Concurrent enrollment
 Timpview High School offered 128 concurrent enrollment courses through Utah Valley University. In addition, many students take concurrent enrollment classes at Brigham Young University, the local college two miles away.

Athletics
Timpview's athletic program offers participation in eleven competitive sports: lacrosse, baseball, basketball, football, golf, swimming, soccer, tennis, track, cross country, and volleyball. In the 2008–09 school year, Timpview won the "All Sports Award" for the 4A classification in Utah.  , the Timpview boys' tennis team has won seven consecutive 4A state tennis championships; its girls' swimming team has won three consecutive 4A championships. In 2008–09, Timpview  won state championships in football, boys' track, and boys' cross country.

PHASE Spectacular Program

In the 1990s, Timpview High School once sponsored a musical theater program called PHASE Spectacular founded by the school teacher Dana Thelon from the Provo School District which stands for Peers Helping Advance Self Esteem using various pop songs and even songs from The Newsies. This program was to help troubled students get through the problems of Elementary School, Middle School and High School, This program has shutdown in 2001 by the Provo School District due to budget cuts.
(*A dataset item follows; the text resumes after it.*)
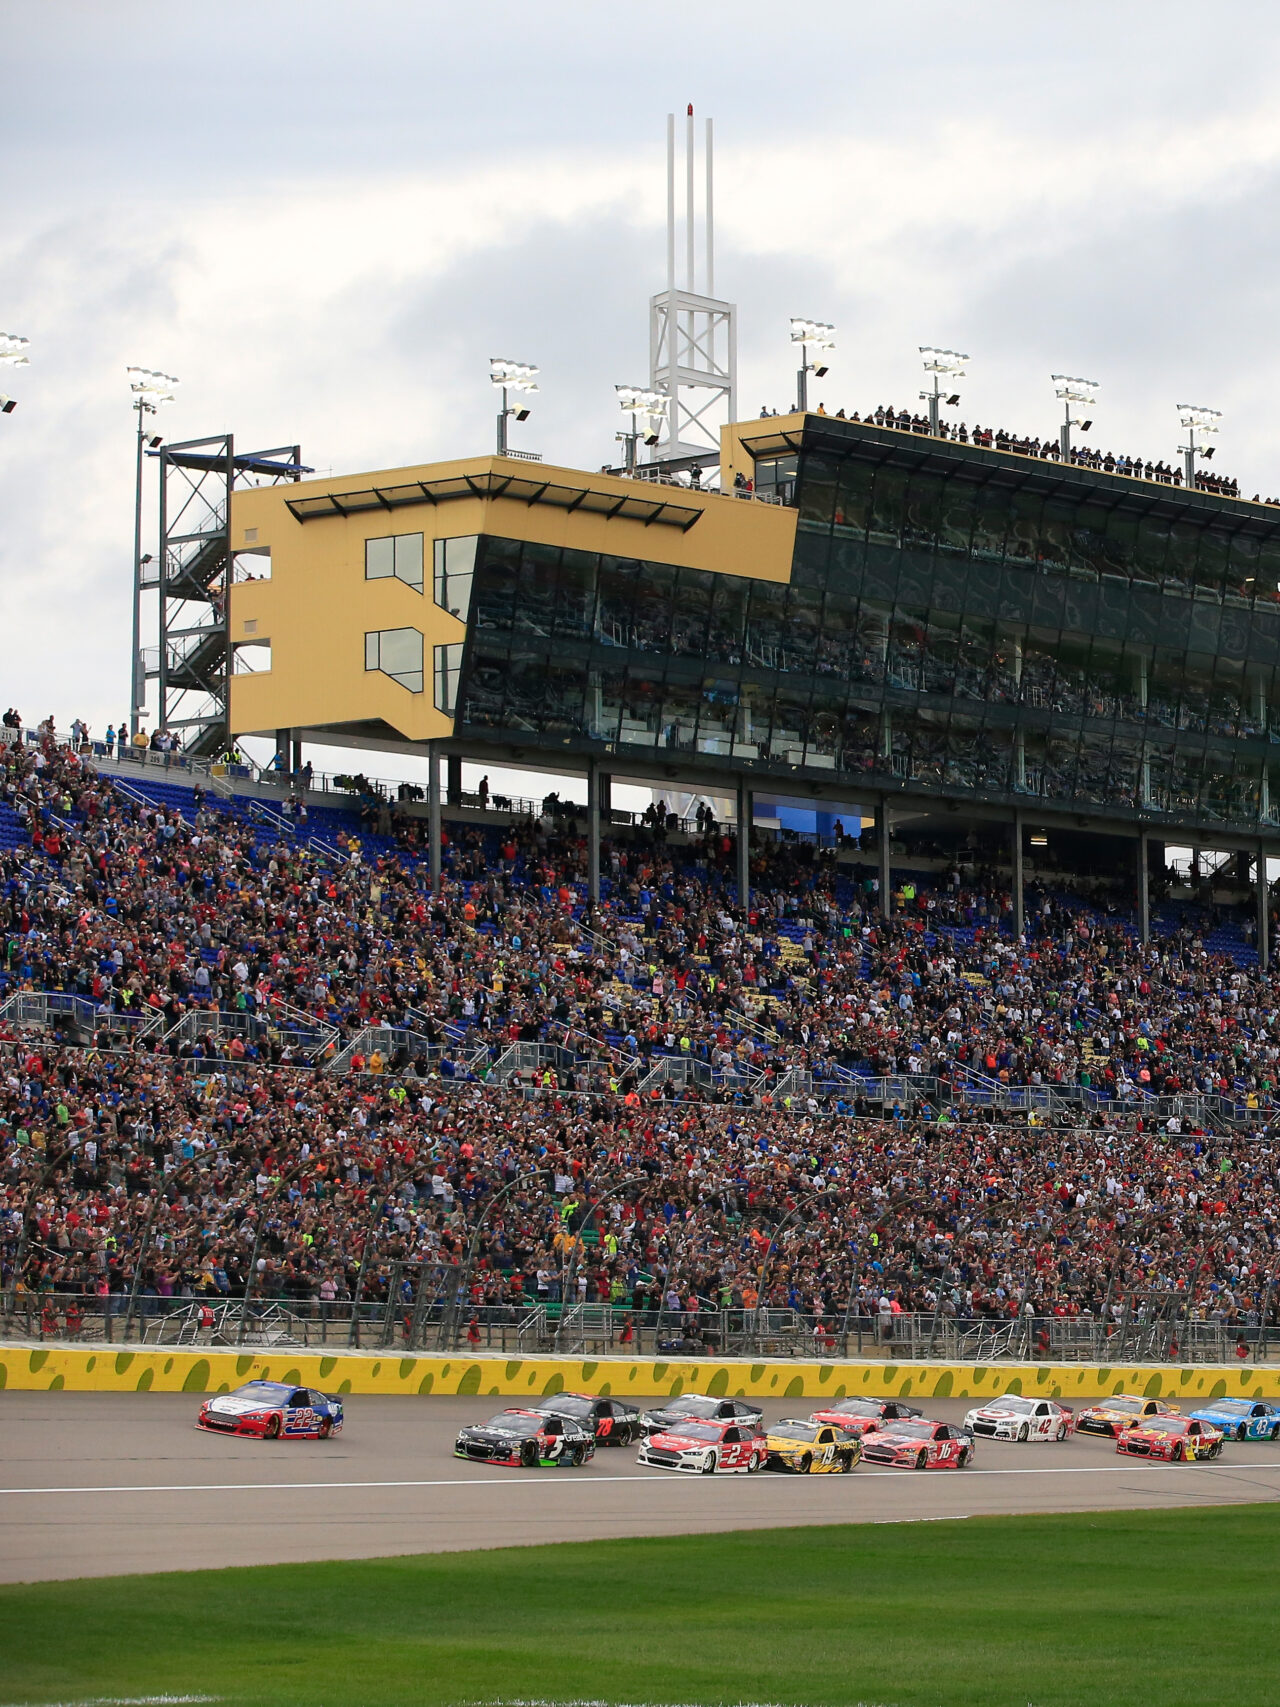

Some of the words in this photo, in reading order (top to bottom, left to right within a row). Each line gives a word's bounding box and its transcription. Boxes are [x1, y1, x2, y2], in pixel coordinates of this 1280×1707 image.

Filming in Timpview High School

Love, Fall & Order (2019)

During one scene in the Hallmark film Love, Fall and Order 2019. Timpview High School has been renamed to TAFT High School. Also Claire Hart and Patrick Harris are seen having a baking competition and walking in the school hallways and running on the Timpview High School track football field.

The Adventures of Food Boy (2008)

Timpview was the scene for all school-related portion of this movie.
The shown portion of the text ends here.